20 Horrible Movie Bosses

The Devil Wears Prada (2006)

The Boss: Miranda Priestly (Meryl Streep)

The Horribleness: Queen bitch of the fashion industry. Cruel, cold and clinical in her put downs. When her assistant moves mountains to get a copy of the unreleased Harry Potter manuscript for her twins, she unflinchingly asks "What are they supposed to do with one? Share?"

Get In Their Good Books: Do everything she says,and do it on time. Coffee, cars and CK scarves: make sure she has them.

Austin Powers (1997)

The Boss: Dr Evil (Mike Myers)

The Horribleness: Petulant, demanding and ever inept arch nemesis. Question his judgement at a meeting in his volcano lair and you might just end up with your seat tilted back and floor opening up to a pit of liquid hot magma.

Get In Their Good Books: Avoid saying the wrong thing at the meeting table, get on with his son and be nice to his cat Mr Bigglesworth.

Spider-Man (2002)

The Boss: JJ Jameson (JK Simmons)

The Horribleness: Micromanaging foolishly stubborn and pompous skinflint who’s mean to our spidey hero.

Get In Their Good Books: Stay within budget and don’t be a skin-tight suited vigilante by night (but if you must be, take some nice pictures of yourself in your spare time).

Wall Street (1987)

The Boss: Gordon Gekko (Michael Douglas)

The Horribleness: “Greed Is Good” says it all, the epitome of '80s money lust, and he’ll go all criminal to get whatever he wants. The kingpin of the white collar criminals was scamming and fixing the numbers way before it became cool.

Get In Their Good Books: Don’t have a sensitive side, don’t grass him up and don’t date his daughter.

Star Wars (1977)

The Boss: Darth Vader

The Horribleness: If the ability to throttle someone without actually physically touching them isn’t bad enough, he’s floating around out there in space in what he calls “The Death Star” practising the “dark side” of “the force” terrorising his own children.

Get In Their Good Books: If you point out the fatal flaw in the design of his aforementioned space vessel I’m sure you’d become his BFF for life. And don’t believe a word of that Obi-Wan Kenobi’s nonsense.

A Few Good Men (1992)

The Boss: Colonel Nathan R Jessop (Jack Nicholson)

The Horribleness: Hard faced disciplinarian doling out “code red” punishments on marines in his command like a trigger-happy psychopath.
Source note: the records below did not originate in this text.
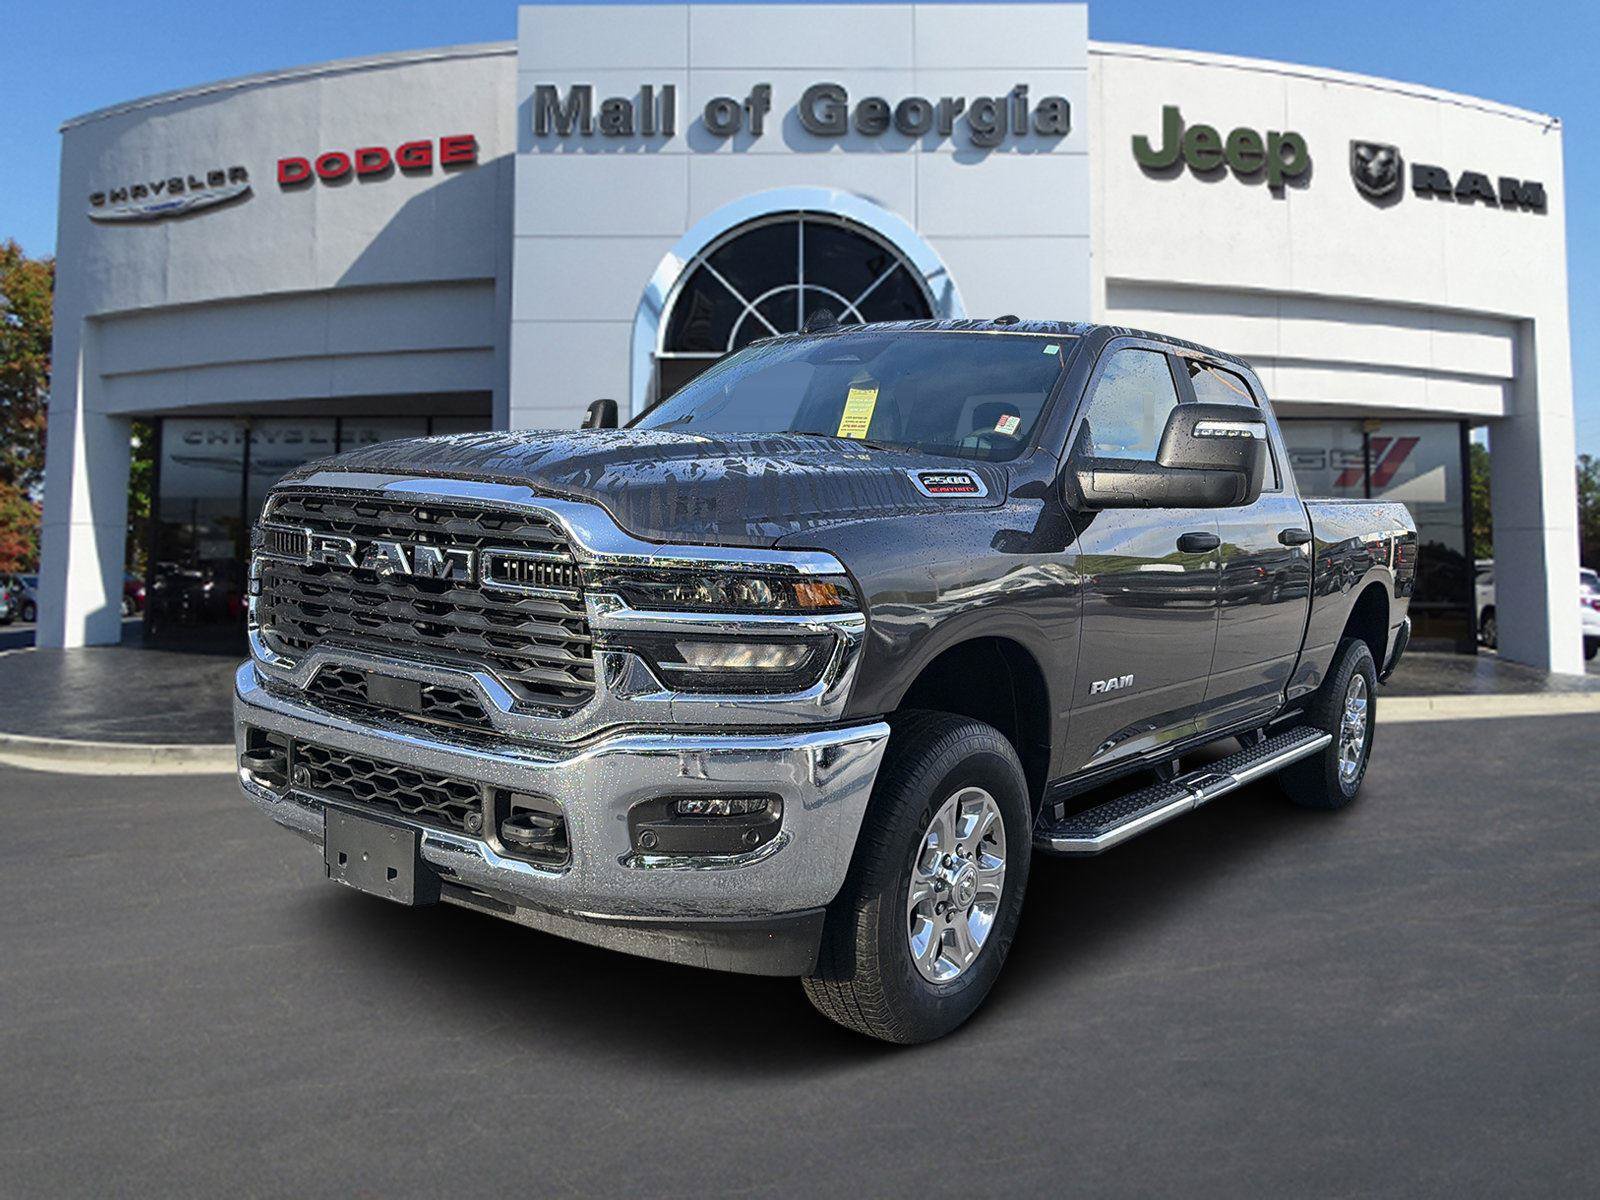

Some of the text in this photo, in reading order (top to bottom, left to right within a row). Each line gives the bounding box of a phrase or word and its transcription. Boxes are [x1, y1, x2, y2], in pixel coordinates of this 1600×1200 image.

[534, 82, 1072, 148] Mall of Georgia
[277, 134, 477, 184] DODGE
[1132, 105, 1309, 188] Jeep
[89, 165, 249, 206] CHRYSLER
[1411, 162, 1546, 211] RAM
[923, 476, 971, 485] 2500
[307, 533, 475, 582] RAM
[1090, 674, 1134, 695] RAM
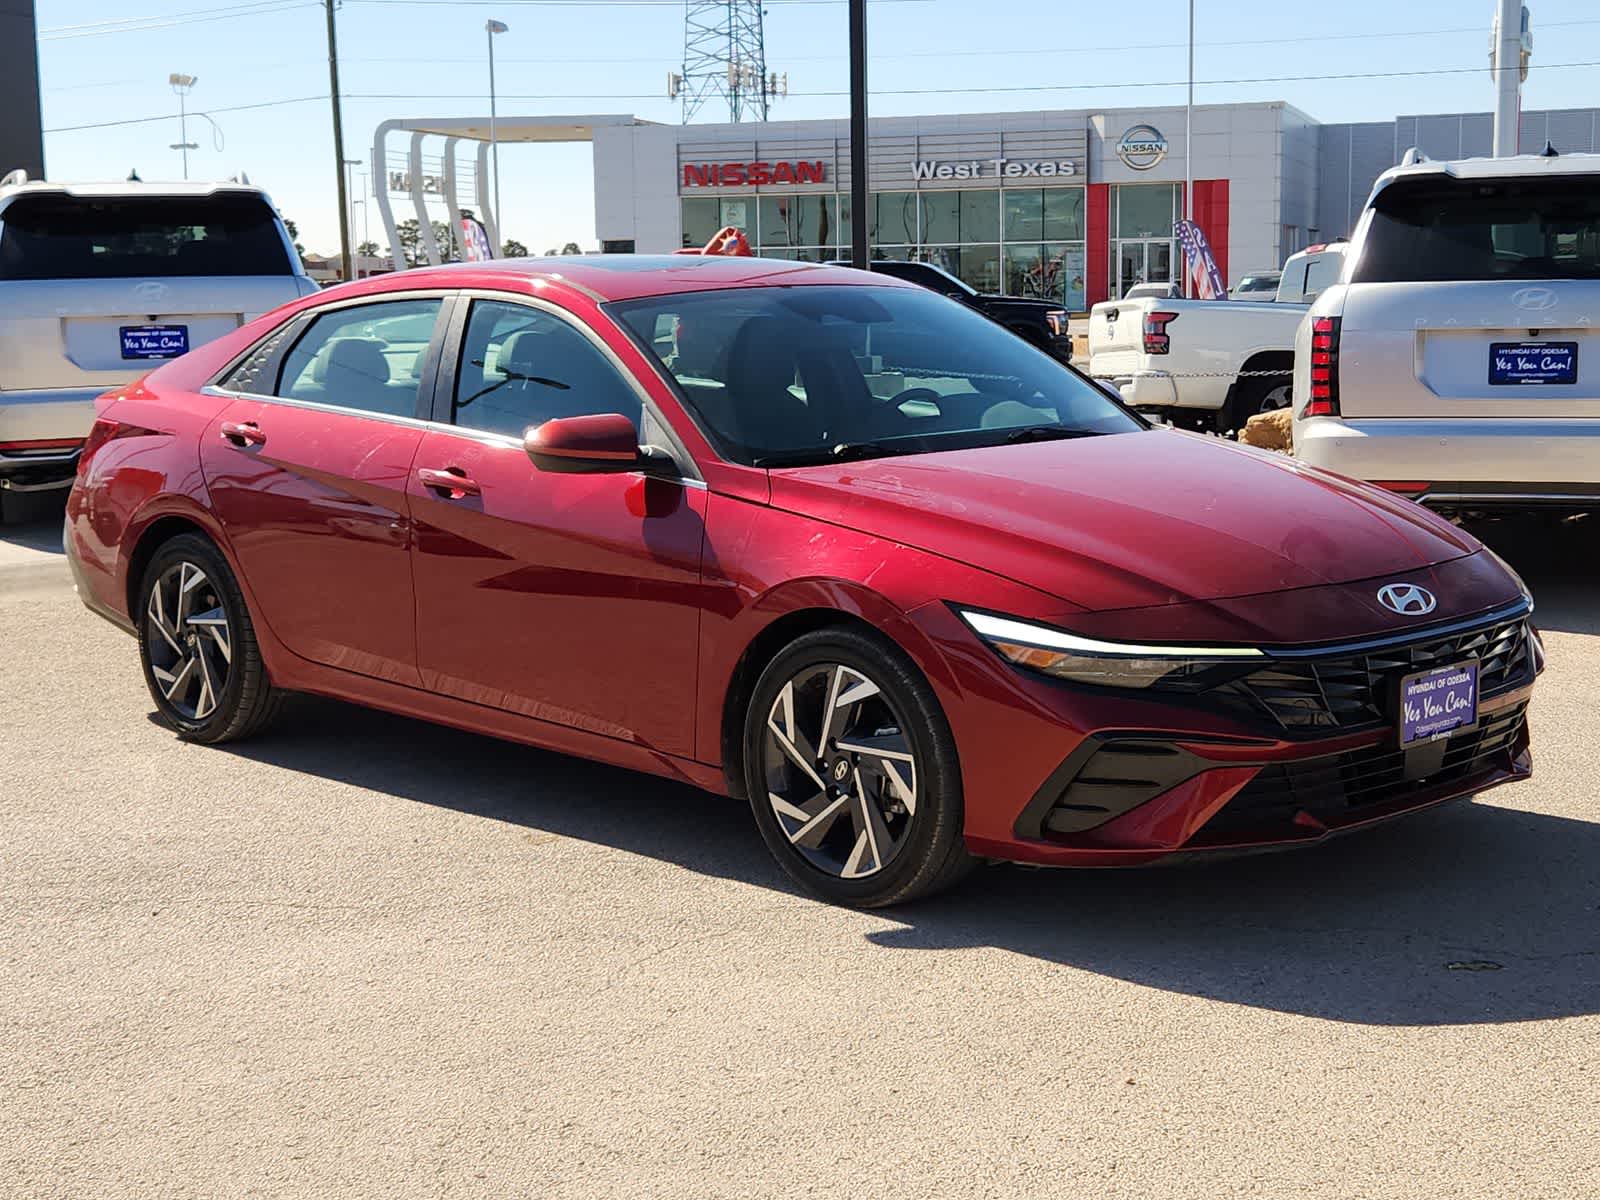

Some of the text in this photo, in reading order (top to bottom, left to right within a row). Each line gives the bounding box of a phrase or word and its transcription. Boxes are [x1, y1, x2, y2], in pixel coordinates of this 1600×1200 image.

[1121, 143, 1163, 152] NISSAN
[684, 160, 825, 187] NISSAN
[911, 158, 1075, 181] West Texas
[1496, 356, 1572, 371] Yes You Can!
[1408, 672, 1471, 696] HYUNDAI OF ODESSA
[1404, 685, 1473, 724] Yes You Can!
His hard-headed approach lands him in court but there he displays a masterclass in vitriol.

Get In Their Good Books: Make sure you’re aware of how poorly you handle such things as the truth.
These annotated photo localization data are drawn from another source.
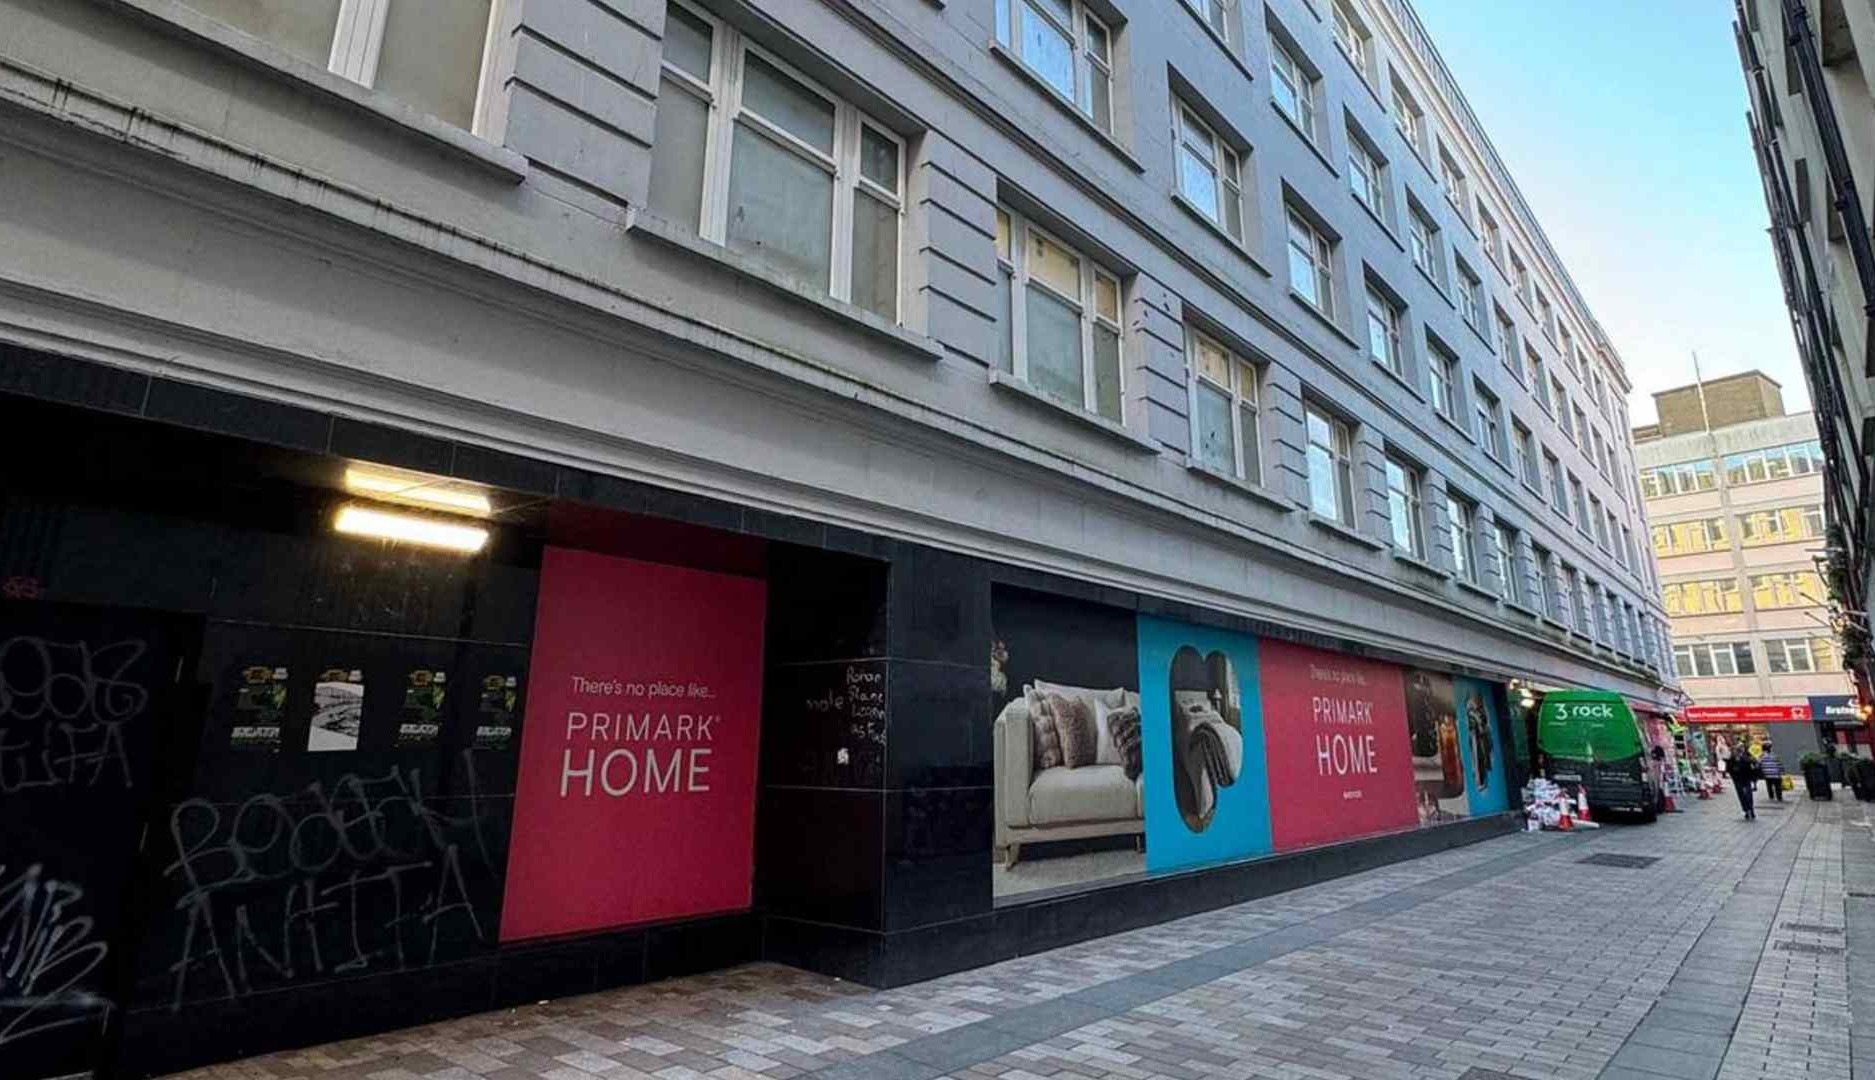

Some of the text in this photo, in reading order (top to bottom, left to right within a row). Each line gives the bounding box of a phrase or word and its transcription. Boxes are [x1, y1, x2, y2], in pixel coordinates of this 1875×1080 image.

[572, 676, 622, 695] There's
[626, 683, 645, 696] no
[649, 681, 685, 700] place
[1313, 696, 1373, 725] PRIMARK
[1554, 703, 1614, 720] 3 rock
[1316, 734, 1377, 776] HOME
[560, 748, 712, 797] HOME
The Devils Advocate (1997)

The Boss: John Milton (Al Pacino)

The Horribleness: Sharing the moniker of Paradise Lost 's writer, this run-of-the-mill post-Gekko white collar criminal turns out to be a bit of a devil ... quite literally!

Get In Their Good Books: Let him look after your soul for a while, don’t tell the Mrs.

Office Space (1999)

The Boss: Bill Lumbergh (Gary Cole)

The Horribleness: Power-tripping middle management type who exercises his authority in a most peculiarly irksome manner. If the one thing you enjoy about your job is being in the possession of a shiny red stapler, don't worry, he'll take that away with pleasure.

Get In Their Good Books: Always be aware of “what’s happening”, be prepared to work weekends and put your best into “themed” work days.

Swimming With Sharks (1994)

The Boss: Buddy Ackerman (Kevin Spacey)

The Horribleness: Treats his assistant like a kid might a small insect with a magnifying glass and a set of tweezers. How about this for a prep talk: "You are nothing. If you were in my toilet bowl I wouldn't bother flushing it. My bath mat means more to me than you"

Get In Their Good Books: Let him steal your ideas and your girlfriend.

Glengarry Glenn Ross (1992)

The Boss: Blake (Alec Baldwin)

The Horribleness: Acronym loving deputy sales head. As reward based schemes go, his may just be the harshest… first place gets a Cadillac, second place gets a steak knife set, and third place gets fired.

Get In Their Good Books: Just don’t come last: harsh but fair. And, of course, Always Be Closing.